## [Exercise]
Return each record shown beneath, word for word.

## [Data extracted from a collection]
- Opening Delimiter -

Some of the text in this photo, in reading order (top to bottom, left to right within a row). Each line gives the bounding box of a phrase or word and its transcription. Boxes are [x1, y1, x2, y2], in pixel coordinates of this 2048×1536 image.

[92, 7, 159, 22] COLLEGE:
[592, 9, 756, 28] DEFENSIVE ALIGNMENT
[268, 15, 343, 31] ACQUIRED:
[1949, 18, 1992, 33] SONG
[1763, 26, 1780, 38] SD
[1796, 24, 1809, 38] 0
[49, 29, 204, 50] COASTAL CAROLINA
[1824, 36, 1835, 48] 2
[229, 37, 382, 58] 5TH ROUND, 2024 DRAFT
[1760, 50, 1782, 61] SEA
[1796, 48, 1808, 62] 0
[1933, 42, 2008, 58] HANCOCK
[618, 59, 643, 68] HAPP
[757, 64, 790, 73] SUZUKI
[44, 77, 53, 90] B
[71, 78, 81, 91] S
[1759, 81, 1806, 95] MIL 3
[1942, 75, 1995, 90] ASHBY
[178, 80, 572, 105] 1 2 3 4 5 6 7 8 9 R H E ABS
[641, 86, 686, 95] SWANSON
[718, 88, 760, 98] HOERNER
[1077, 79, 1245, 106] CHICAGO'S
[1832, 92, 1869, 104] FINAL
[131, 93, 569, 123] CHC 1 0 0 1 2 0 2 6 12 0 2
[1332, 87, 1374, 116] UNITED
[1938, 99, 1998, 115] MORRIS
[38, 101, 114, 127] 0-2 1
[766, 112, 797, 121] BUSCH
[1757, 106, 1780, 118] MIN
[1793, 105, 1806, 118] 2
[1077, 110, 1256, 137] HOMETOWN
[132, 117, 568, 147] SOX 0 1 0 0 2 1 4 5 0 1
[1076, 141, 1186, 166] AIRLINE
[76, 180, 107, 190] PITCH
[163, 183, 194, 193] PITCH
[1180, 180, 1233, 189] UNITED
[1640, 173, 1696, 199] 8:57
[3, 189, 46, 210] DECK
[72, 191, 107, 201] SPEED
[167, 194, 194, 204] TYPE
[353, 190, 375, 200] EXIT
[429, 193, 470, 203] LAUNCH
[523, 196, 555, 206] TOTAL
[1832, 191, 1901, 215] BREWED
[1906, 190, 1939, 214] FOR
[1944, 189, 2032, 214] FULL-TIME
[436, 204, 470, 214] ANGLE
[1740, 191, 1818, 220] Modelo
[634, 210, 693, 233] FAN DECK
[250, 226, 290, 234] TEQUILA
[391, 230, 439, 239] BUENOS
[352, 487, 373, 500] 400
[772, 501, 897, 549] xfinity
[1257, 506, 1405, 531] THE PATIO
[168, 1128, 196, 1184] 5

- Closing Delimiter -

## [Solution]
Some of the text in this photo, in reading order (top to bottom, left to right within a row). Each line gives the bounding box of a phrase or word and its transcription. Boxes are [x1, y1, x2, y2], in pixel coordinates of this 2048×1536 image.

[92, 7, 159, 22] COLLEGE:
[592, 9, 756, 28] DEFENSIVE ALIGNMENT
[268, 15, 343, 31] ACQUIRED:
[1949, 18, 1992, 33] SONG
[1763, 26, 1780, 38] SD
[1796, 24, 1809, 38] 0
[49, 29, 204, 50] COASTAL CAROLINA
[1824, 36, 1835, 48] 2
[229, 37, 382, 58] 5TH ROUND, 2024 DRAFT
[1760, 50, 1782, 61] SEA
[1796, 48, 1808, 62] 0
[1933, 42, 2008, 58] HANCOCK
[618, 59, 643, 68] HAPP
[757, 64, 790, 73] SUZUKI
[44, 77, 53, 90] B
[71, 78, 81, 91] S
[1759, 81, 1806, 95] MIL 3
[1942, 75, 1995, 90] ASHBY
[178, 80, 572, 105] 1 2 3 4 5 6 7 8 9 R H E ABS
[641, 86, 686, 95] SWANSON
[718, 88, 760, 98] HOERNER
[1077, 79, 1245, 106] CHICAGO'S
[1832, 92, 1869, 104] FINAL
[131, 93, 569, 123] CHC 1 0 0 1 2 0 2 6 12 0 2
[1332, 87, 1374, 116] UNITED
[1938, 99, 1998, 115] MORRIS
[38, 101, 114, 127] 0-2 1
[766, 112, 797, 121] BUSCH
[1757, 106, 1780, 118] MIN
[1793, 105, 1806, 118] 2
[1077, 110, 1256, 137] HOMETOWN
[132, 117, 568, 147] SOX 0 1 0 0 2 1 4 5 0 1
[1076, 141, 1186, 166] AIRLINE
[76, 180, 107, 190] PITCH
[163, 183, 194, 193] PITCH
[1180, 180, 1233, 189] UNITED
[1640, 173, 1696, 199] 8:57
[3, 189, 46, 210] DECK
[72, 191, 107, 201] SPEED
[167, 194, 194, 204] TYPE
[353, 190, 375, 200] EXIT
[429, 193, 470, 203] LAUNCH
[523, 196, 555, 206] TOTAL
[1832, 191, 1901, 215] BREWED
[1906, 190, 1939, 214] FOR
[1944, 189, 2032, 214] FULL-TIME
[436, 204, 470, 214] ANGLE
[1740, 191, 1818, 220] Modelo
[634, 210, 693, 233] FAN DECK
[250, 226, 290, 234] TEQUILA
[391, 230, 439, 239] BUENOS
[352, 487, 373, 500] 400
[772, 501, 897, 549] xfinity
[1257, 506, 1405, 531] THE PATIO
[168, 1128, 196, 1184] 5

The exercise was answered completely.